> _Aim of the exercise_
Repeat the whole listing below with nothing added or dropped.

> _Entries supplied_
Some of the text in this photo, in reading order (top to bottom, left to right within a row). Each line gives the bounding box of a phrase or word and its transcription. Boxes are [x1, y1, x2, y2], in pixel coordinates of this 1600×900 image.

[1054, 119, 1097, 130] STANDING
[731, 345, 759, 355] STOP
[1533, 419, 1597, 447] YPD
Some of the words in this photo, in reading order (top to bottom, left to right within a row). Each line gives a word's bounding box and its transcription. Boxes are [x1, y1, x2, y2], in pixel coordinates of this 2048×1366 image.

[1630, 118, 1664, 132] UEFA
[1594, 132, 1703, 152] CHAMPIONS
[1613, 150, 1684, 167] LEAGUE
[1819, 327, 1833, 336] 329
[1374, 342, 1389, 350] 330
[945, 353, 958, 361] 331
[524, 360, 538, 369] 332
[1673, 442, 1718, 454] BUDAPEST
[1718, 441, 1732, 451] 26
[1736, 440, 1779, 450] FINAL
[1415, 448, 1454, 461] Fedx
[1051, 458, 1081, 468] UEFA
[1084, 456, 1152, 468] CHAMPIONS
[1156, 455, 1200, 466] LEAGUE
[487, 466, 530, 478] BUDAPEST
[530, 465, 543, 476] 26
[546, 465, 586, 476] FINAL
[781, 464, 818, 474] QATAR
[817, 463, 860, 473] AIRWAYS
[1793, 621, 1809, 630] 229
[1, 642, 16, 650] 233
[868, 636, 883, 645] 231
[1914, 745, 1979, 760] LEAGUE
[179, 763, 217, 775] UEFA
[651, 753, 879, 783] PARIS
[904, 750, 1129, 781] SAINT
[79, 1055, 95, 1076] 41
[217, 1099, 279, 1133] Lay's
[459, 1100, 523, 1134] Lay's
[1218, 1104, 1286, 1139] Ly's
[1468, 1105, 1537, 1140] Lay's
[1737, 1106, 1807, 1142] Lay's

> _Result of the exercise_
Some of the text in this photo, in reading order (top to bottom, left to right within a row). Each line gives the bounding box of a phrase or word and its transcription. Boxes are [x1, y1, x2, y2], in pixel coordinates of this 1600×900 image.

[1054, 119, 1097, 130] STANDING
[731, 345, 759, 355] STOP
[1533, 419, 1597, 447] YPD
Some of the words in this photo, in reading order (top to bottom, left to right within a row). Each line gives a word's bounding box and its transcription. Boxes are [x1, y1, x2, y2], in pixel coordinates of this 2048×1366 image.

[1630, 118, 1664, 132] UEFA
[1594, 132, 1703, 152] CHAMPIONS
[1613, 150, 1684, 167] LEAGUE
[1819, 327, 1833, 336] 329
[1374, 342, 1389, 350] 330
[945, 353, 958, 361] 331
[524, 360, 538, 369] 332
[1673, 442, 1718, 454] BUDAPEST
[1718, 441, 1732, 451] 26
[1736, 440, 1779, 450] FINAL
[1415, 448, 1454, 461] Fedx
[1051, 458, 1081, 468] UEFA
[1084, 456, 1152, 468] CHAMPIONS
[1156, 455, 1200, 466] LEAGUE
[487, 466, 530, 478] BUDAPEST
[530, 465, 543, 476] 26
[546, 465, 586, 476] FINAL
[781, 464, 818, 474] QATAR
[817, 463, 860, 473] AIRWAYS
[1793, 621, 1809, 630] 229
[1, 642, 16, 650] 233
[868, 636, 883, 645] 231
[1914, 745, 1979, 760] LEAGUE
[179, 763, 217, 775] UEFA
[651, 753, 879, 783] PARIS
[904, 750, 1129, 781] SAINT
[79, 1055, 95, 1076] 41
[217, 1099, 279, 1133] Lay's
[459, 1100, 523, 1134] Lay's
[1218, 1104, 1286, 1139] Ly's
[1468, 1105, 1537, 1140] Lay's
[1737, 1106, 1807, 1142] Lay's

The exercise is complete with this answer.